> **What the task asks**: The response should consist of the listing, repeated word for word.
BEGIN Raw data
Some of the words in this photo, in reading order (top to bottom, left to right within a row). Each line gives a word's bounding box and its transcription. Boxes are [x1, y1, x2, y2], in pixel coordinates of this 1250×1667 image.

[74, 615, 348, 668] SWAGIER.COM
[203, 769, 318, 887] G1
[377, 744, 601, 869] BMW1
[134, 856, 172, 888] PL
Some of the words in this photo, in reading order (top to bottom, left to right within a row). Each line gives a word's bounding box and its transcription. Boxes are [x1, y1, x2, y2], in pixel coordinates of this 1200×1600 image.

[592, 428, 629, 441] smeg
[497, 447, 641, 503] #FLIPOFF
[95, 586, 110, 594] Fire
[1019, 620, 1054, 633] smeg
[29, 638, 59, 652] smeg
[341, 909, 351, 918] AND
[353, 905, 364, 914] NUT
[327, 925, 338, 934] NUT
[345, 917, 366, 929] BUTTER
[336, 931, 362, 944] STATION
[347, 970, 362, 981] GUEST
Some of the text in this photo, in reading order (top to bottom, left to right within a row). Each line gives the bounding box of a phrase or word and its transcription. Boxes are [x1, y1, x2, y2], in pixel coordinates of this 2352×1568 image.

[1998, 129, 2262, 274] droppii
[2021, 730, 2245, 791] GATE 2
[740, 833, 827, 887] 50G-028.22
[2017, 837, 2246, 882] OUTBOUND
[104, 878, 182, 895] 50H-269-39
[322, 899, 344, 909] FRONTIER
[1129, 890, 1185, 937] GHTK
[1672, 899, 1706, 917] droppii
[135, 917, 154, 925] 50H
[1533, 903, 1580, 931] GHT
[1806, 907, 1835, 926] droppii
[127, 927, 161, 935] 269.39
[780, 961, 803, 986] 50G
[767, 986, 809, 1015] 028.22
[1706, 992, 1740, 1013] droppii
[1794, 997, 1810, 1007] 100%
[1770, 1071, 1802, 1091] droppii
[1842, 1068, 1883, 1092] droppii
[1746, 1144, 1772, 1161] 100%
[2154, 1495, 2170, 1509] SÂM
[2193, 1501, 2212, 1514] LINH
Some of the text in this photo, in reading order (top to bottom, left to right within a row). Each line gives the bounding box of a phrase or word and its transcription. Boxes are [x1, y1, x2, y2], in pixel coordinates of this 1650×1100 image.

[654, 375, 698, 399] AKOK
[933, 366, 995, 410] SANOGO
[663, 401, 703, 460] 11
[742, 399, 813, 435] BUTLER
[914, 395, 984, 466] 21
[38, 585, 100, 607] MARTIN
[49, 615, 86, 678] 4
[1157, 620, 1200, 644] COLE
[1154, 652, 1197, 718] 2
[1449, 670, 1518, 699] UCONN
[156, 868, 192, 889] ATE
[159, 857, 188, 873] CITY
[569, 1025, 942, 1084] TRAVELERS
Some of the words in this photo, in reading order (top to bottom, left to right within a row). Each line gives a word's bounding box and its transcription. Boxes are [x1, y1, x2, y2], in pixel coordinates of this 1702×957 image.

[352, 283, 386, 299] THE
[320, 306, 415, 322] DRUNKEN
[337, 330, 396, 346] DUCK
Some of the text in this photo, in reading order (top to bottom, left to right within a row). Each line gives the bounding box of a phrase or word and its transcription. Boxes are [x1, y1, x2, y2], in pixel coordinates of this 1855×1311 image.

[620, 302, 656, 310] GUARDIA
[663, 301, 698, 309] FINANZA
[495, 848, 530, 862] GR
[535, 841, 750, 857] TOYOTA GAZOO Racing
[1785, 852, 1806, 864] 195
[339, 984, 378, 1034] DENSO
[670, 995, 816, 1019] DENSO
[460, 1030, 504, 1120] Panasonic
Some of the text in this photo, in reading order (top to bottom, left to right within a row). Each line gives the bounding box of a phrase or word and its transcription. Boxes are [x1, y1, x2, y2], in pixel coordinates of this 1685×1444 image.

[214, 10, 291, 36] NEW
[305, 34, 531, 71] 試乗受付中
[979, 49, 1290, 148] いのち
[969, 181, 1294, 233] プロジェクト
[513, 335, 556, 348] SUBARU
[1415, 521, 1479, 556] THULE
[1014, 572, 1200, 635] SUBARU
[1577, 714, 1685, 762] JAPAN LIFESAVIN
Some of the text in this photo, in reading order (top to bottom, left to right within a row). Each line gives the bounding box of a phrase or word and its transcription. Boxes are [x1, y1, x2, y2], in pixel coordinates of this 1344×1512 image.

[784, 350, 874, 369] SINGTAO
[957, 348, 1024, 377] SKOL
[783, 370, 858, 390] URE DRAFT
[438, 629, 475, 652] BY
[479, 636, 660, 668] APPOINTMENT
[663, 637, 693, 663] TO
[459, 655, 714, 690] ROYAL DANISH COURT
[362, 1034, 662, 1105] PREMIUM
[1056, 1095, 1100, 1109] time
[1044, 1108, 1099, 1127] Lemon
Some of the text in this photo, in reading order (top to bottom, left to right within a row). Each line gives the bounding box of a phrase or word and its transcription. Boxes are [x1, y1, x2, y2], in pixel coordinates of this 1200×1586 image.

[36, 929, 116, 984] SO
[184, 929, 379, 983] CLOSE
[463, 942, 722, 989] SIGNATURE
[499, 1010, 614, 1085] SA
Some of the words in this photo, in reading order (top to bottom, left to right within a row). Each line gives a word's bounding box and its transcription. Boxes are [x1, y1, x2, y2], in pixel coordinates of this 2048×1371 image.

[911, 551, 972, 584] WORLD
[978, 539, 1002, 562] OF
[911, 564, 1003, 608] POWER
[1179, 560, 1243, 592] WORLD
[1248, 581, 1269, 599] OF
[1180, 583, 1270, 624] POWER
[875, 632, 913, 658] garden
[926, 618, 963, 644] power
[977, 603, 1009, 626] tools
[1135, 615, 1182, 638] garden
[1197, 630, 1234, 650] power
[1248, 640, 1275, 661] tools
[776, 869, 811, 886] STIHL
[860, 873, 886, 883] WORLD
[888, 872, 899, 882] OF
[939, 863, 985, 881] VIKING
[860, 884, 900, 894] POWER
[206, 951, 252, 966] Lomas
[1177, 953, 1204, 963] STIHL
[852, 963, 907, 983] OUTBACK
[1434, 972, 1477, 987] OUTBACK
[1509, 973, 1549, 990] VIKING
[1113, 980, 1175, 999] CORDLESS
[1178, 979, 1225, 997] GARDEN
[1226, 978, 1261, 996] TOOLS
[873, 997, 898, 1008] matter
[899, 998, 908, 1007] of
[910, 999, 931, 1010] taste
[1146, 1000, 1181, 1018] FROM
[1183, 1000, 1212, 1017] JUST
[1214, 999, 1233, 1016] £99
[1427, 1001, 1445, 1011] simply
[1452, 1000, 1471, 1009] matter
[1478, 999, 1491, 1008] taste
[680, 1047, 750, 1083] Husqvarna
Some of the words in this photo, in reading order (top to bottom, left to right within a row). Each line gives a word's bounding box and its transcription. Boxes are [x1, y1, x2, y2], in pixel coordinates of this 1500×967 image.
END Raw data
> **Expected output**:
Some of the words in this photo, in reading order (top to bottom, left to right within a row). Each line gives a word's bounding box and its transcription. Boxes are [x1, y1, x2, y2], in pixel coordinates of this 1250×1667 image.

[74, 615, 348, 668] SWAGIER.COM
[203, 769, 318, 887] G1
[377, 744, 601, 869] BMW1
[134, 856, 172, 888] PL
Some of the words in this photo, in reading order (top to bottom, left to right within a row). Each line gives a word's bounding box and its transcription. Boxes are [x1, y1, x2, y2], in pixel coordinates of this 1200×1600 image.

[592, 428, 629, 441] smeg
[497, 447, 641, 503] #FLIPOFF
[95, 586, 110, 594] Fire
[1019, 620, 1054, 633] smeg
[29, 638, 59, 652] smeg
[341, 909, 351, 918] AND
[353, 905, 364, 914] NUT
[327, 925, 338, 934] NUT
[345, 917, 366, 929] BUTTER
[336, 931, 362, 944] STATION
[347, 970, 362, 981] GUEST
Some of the text in this photo, in reading order (top to bottom, left to right within a row). Each line gives the bounding box of a phrase or word and its transcription. Boxes are [x1, y1, x2, y2], in pixel coordinates of this 2352×1568 image.

[1998, 129, 2262, 274] droppii
[2021, 730, 2245, 791] GATE 2
[740, 833, 827, 887] 50G-028.22
[2017, 837, 2246, 882] OUTBOUND
[104, 878, 182, 895] 50H-269-39
[322, 899, 344, 909] FRONTIER
[1129, 890, 1185, 937] GHTK
[1672, 899, 1706, 917] droppii
[135, 917, 154, 925] 50H
[1533, 903, 1580, 931] GHT
[1806, 907, 1835, 926] droppii
[127, 927, 161, 935] 269.39
[780, 961, 803, 986] 50G
[767, 986, 809, 1015] 028.22
[1706, 992, 1740, 1013] droppii
[1794, 997, 1810, 1007] 100%
[1770, 1071, 1802, 1091] droppii
[1842, 1068, 1883, 1092] droppii
[1746, 1144, 1772, 1161] 100%
[2154, 1495, 2170, 1509] SÂM
[2193, 1501, 2212, 1514] LINH
Some of the text in this photo, in reading order (top to bottom, left to right within a row). Each line gives the bounding box of a phrase or word and its transcription. Boxes are [x1, y1, x2, y2], in pixel coordinates of this 1650×1100 image.

[654, 375, 698, 399] AKOK
[933, 366, 995, 410] SANOGO
[663, 401, 703, 460] 11
[742, 399, 813, 435] BUTLER
[914, 395, 984, 466] 21
[38, 585, 100, 607] MARTIN
[49, 615, 86, 678] 4
[1157, 620, 1200, 644] COLE
[1154, 652, 1197, 718] 2
[1449, 670, 1518, 699] UCONN
[156, 868, 192, 889] ATE
[159, 857, 188, 873] CITY
[569, 1025, 942, 1084] TRAVELERS
Some of the words in this photo, in reading order (top to bottom, left to right within a row). Each line gives a word's bounding box and its transcription. Boxes are [x1, y1, x2, y2], in pixel coordinates of this 1702×957 image.

[352, 283, 386, 299] THE
[320, 306, 415, 322] DRUNKEN
[337, 330, 396, 346] DUCK
Some of the text in this photo, in reading order (top to bottom, left to right within a row). Each line gives the bounding box of a phrase or word and its transcription. Boxes are [x1, y1, x2, y2], in pixel coordinates of this 1855×1311 image.

[620, 302, 656, 310] GUARDIA
[663, 301, 698, 309] FINANZA
[495, 848, 530, 862] GR
[535, 841, 750, 857] TOYOTA GAZOO Racing
[1785, 852, 1806, 864] 195
[339, 984, 378, 1034] DENSO
[670, 995, 816, 1019] DENSO
[460, 1030, 504, 1120] Panasonic
Some of the text in this photo, in reading order (top to bottom, left to right within a row). Each line gives the bounding box of a phrase or word and its transcription. Boxes are [x1, y1, x2, y2], in pixel coordinates of this 1685×1444 image.

[214, 10, 291, 36] NEW
[305, 34, 531, 71] 試乗受付中
[979, 49, 1290, 148] いのち
[969, 181, 1294, 233] プロジェクト
[513, 335, 556, 348] SUBARU
[1415, 521, 1479, 556] THULE
[1014, 572, 1200, 635] SUBARU
[1577, 714, 1685, 762] JAPAN LIFESAVIN
Some of the text in this photo, in reading order (top to bottom, left to right within a row). Each line gives the bounding box of a phrase or word and its transcription. Boxes are [x1, y1, x2, y2], in pixel coordinates of this 1344×1512 image.

[784, 350, 874, 369] SINGTAO
[957, 348, 1024, 377] SKOL
[783, 370, 858, 390] URE DRAFT
[438, 629, 475, 652] BY
[479, 636, 660, 668] APPOINTMENT
[663, 637, 693, 663] TO
[459, 655, 714, 690] ROYAL DANISH COURT
[362, 1034, 662, 1105] PREMIUM
[1056, 1095, 1100, 1109] time
[1044, 1108, 1099, 1127] Lemon
Some of the text in this photo, in reading order (top to bottom, left to right within a row). Each line gives the bounding box of a phrase or word and its transcription. Boxes are [x1, y1, x2, y2], in pixel coordinates of this 1200×1586 image.

[36, 929, 116, 984] SO
[184, 929, 379, 983] CLOSE
[463, 942, 722, 989] SIGNATURE
[499, 1010, 614, 1085] SA
Some of the words in this photo, in reading order (top to bottom, left to right within a row). Each line gives a word's bounding box and its transcription. Boxes are [x1, y1, x2, y2], in pixel coordinates of this 2048×1371 image.

[911, 551, 972, 584] WORLD
[978, 539, 1002, 562] OF
[911, 564, 1003, 608] POWER
[1179, 560, 1243, 592] WORLD
[1248, 581, 1269, 599] OF
[1180, 583, 1270, 624] POWER
[875, 632, 913, 658] garden
[926, 618, 963, 644] power
[977, 603, 1009, 626] tools
[1135, 615, 1182, 638] garden
[1197, 630, 1234, 650] power
[1248, 640, 1275, 661] tools
[776, 869, 811, 886] STIHL
[860, 873, 886, 883] WORLD
[888, 872, 899, 882] OF
[939, 863, 985, 881] VIKING
[860, 884, 900, 894] POWER
[206, 951, 252, 966] Lomas
[1177, 953, 1204, 963] STIHL
[852, 963, 907, 983] OUTBACK
[1434, 972, 1477, 987] OUTBACK
[1509, 973, 1549, 990] VIKING
[1113, 980, 1175, 999] CORDLESS
[1178, 979, 1225, 997] GARDEN
[1226, 978, 1261, 996] TOOLS
[873, 997, 898, 1008] matter
[899, 998, 908, 1007] of
[910, 999, 931, 1010] taste
[1146, 1000, 1181, 1018] FROM
[1183, 1000, 1212, 1017] JUST
[1214, 999, 1233, 1016] £99
[1427, 1001, 1445, 1011] simply
[1452, 1000, 1471, 1009] matter
[1478, 999, 1491, 1008] taste
[680, 1047, 750, 1083] Husqvarna
Some of the words in this photo, in reading order (top to bottom, left to right within a row). Each line gives a word's bounding box and its transcription. Boxes are [x1, y1, x2, y2], in pixel coordinates of this 1500×967 image.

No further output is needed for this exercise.